The locker room. They let him stay a few minutes after his last practice to gather his things. A door creaks open, and Allen Iverson comes through the door ajar. He’s wearing his shoes.
Feeling like he has nothing left, Spencer just waits on the bench. The Louis Vuitton duffle bag is at his feet.
Do you have the bag?
A.I. smiles because he can clearly see the bag. He looks around, then grabs a chair to sit down close in front of Spencer. He sits and leans back as though about to decree law upon the land.
Yes, Spencer says.
Did you take care of it?
Spencer reaches down and unzips the bulky Louis Vuitton duffle bag. He sees right away that it’s filled with cash, that it’s filled with bundles of cash, stacks of 100’s, tied with gold clips. The smell of cash even wafts up from the bag and Spencer feels as though the bag can explode at any moment like a ticking time bomb. He wonders if anyone else is around.
A.I says, Count it.
Spencer looks up at Allen Iverson and says nothing.
A.I. says, Count it out loud.
Spencer gets to the floor and starts to take the stacks of money out of the Louis Vuitton bag. He unclips each stack and looks up at A.I., but A.I. just waits there. Nothing moves across his face but a small sense of time.
Spencer starts to count the cash out loud, at first taking him time, every now and then taking a pause to look up at Allen Iverson, but A.I. just waits there.
Spencer nervously looks at the clock. After taking almost an hour, Spencer licks his lips and stacks the last one hundred dollar bill: $500,000.
$500,000, A.I asks?
$500,000, Spencer says.
It’s all there, A.I. asks?
Spencer looks down at the stacks of cash. They are absurd towers.
Good, A.I. says. It’s all there. That means I can trust you.
Allen Iverson reaches down for one of the stacks and caresses one like a flipbook. He throws it to Spencer and Spencer catches it.
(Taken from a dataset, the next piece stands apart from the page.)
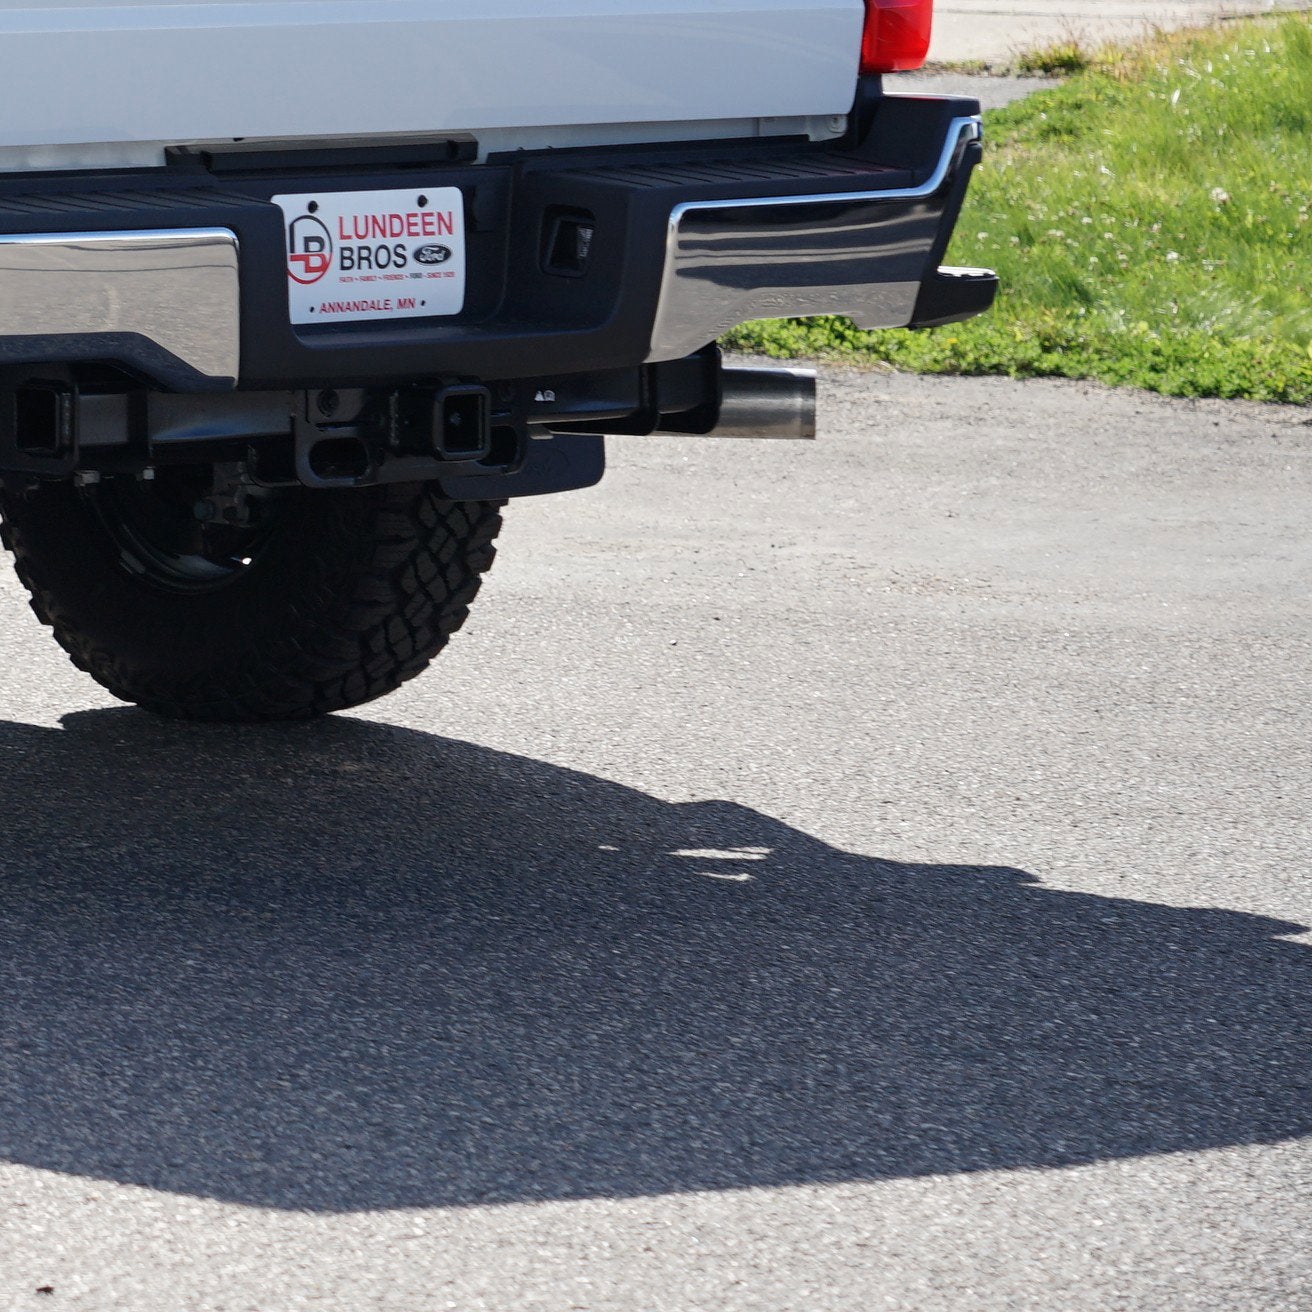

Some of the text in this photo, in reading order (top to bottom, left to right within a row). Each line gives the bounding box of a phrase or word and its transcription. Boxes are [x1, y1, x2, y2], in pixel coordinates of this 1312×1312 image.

[338, 211, 454, 240] LUNDEEN
[339, 244, 407, 271] BROS
[319, 297, 416, 314] ANNANDALE, MN
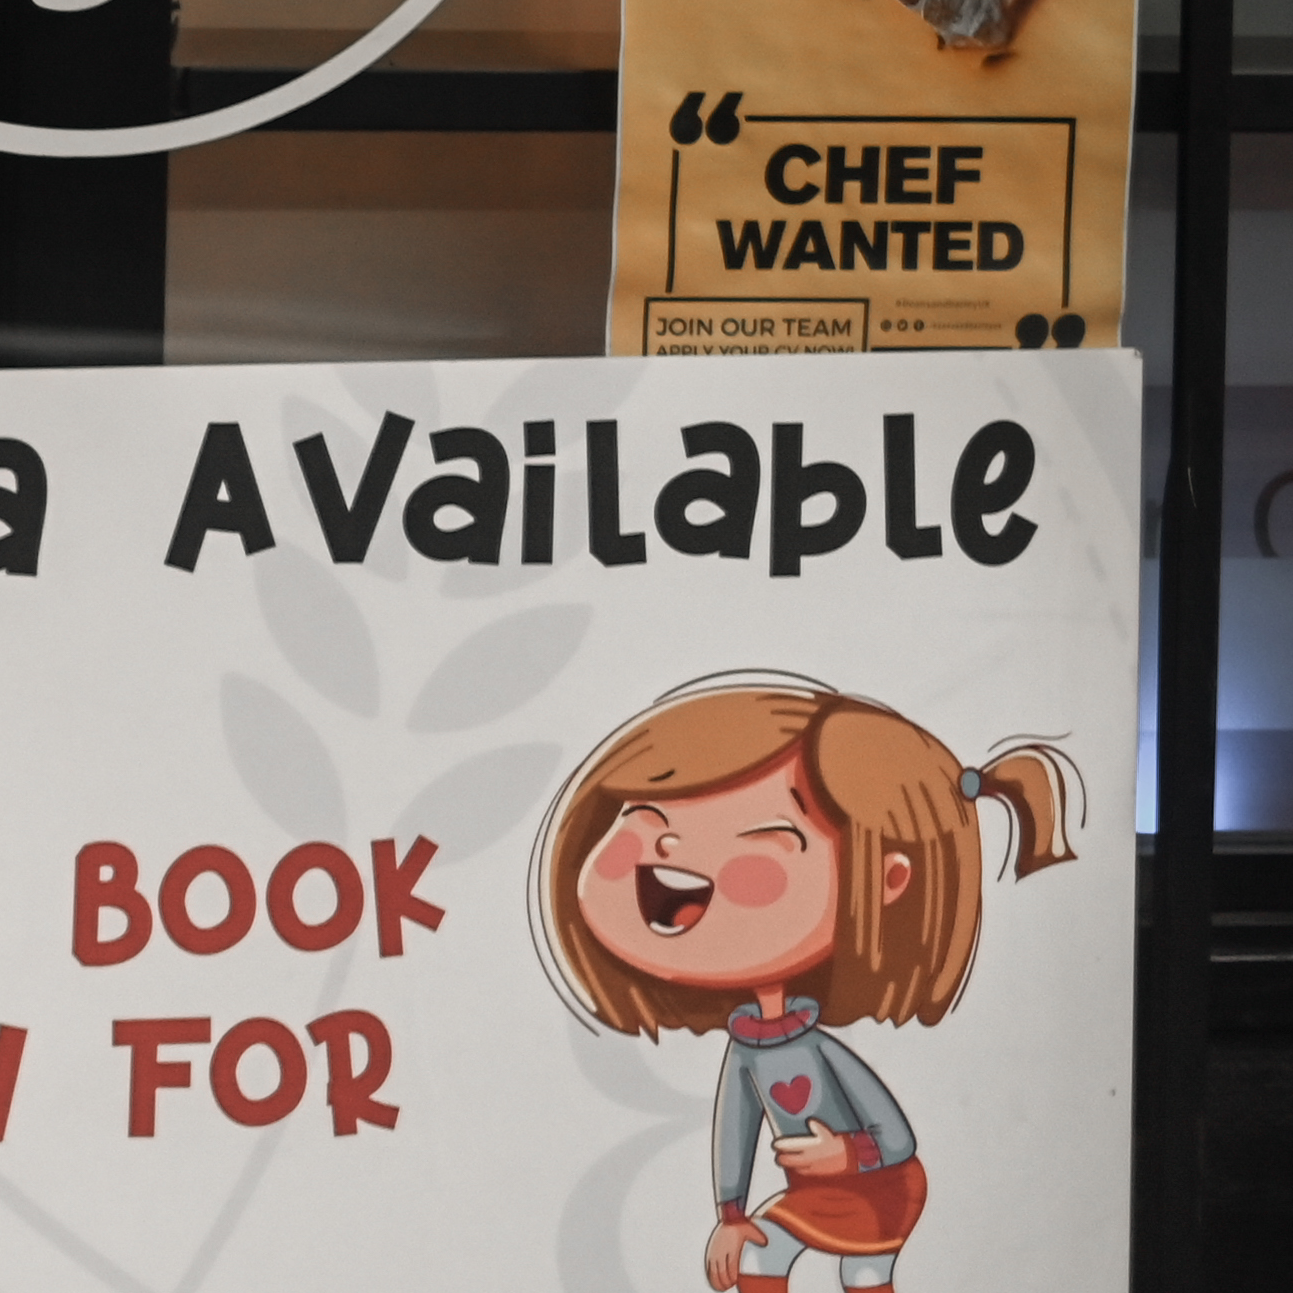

That means I can trust you, A.I. says. This is yours now. All of it.
Spencer leans further back on the floor and says nothing. Dehydrated as fuck, A.I. seems like a mirage to Spencer, like an afterglow.
A.I. says, One thing for sure, two things for certain, you’re made for this game right here. I’ve been watching you, Spencer, and so have my people. You’re made for basketball. You have the heart. I’m sorry today was cruel to you.
A.I. doesn’t blink and says, Another thing. Man, you play like you have a brick on you. Like a stone brick. Don’t get me wrong, man, you’re quick, you’re insane quick, and you’re smart.
A.I. taps his forehead.
I like your vision, he says, but it’s your shoulders, man. I can see it. All in your shoulders.
Allen Iverson throws him another stack of cash and Spencer catches it.
You have to let that shit go, whatever it is. That torment in your shoulders. Let it go, man.
Spencer drops the cash from his hands and some loose bills fly everywhere. Some stick to the floor.
A.I. says, Another thing. I’m not giving you the bag, though. I want my Louis Vuitton back.
*the author would like to cite and thank Community Garden for Lonely Girls by Christine Shan Shan Hou (Gramma Press) from which the line, “I am helpless like a crumpled car,” borrows from and gives homage to.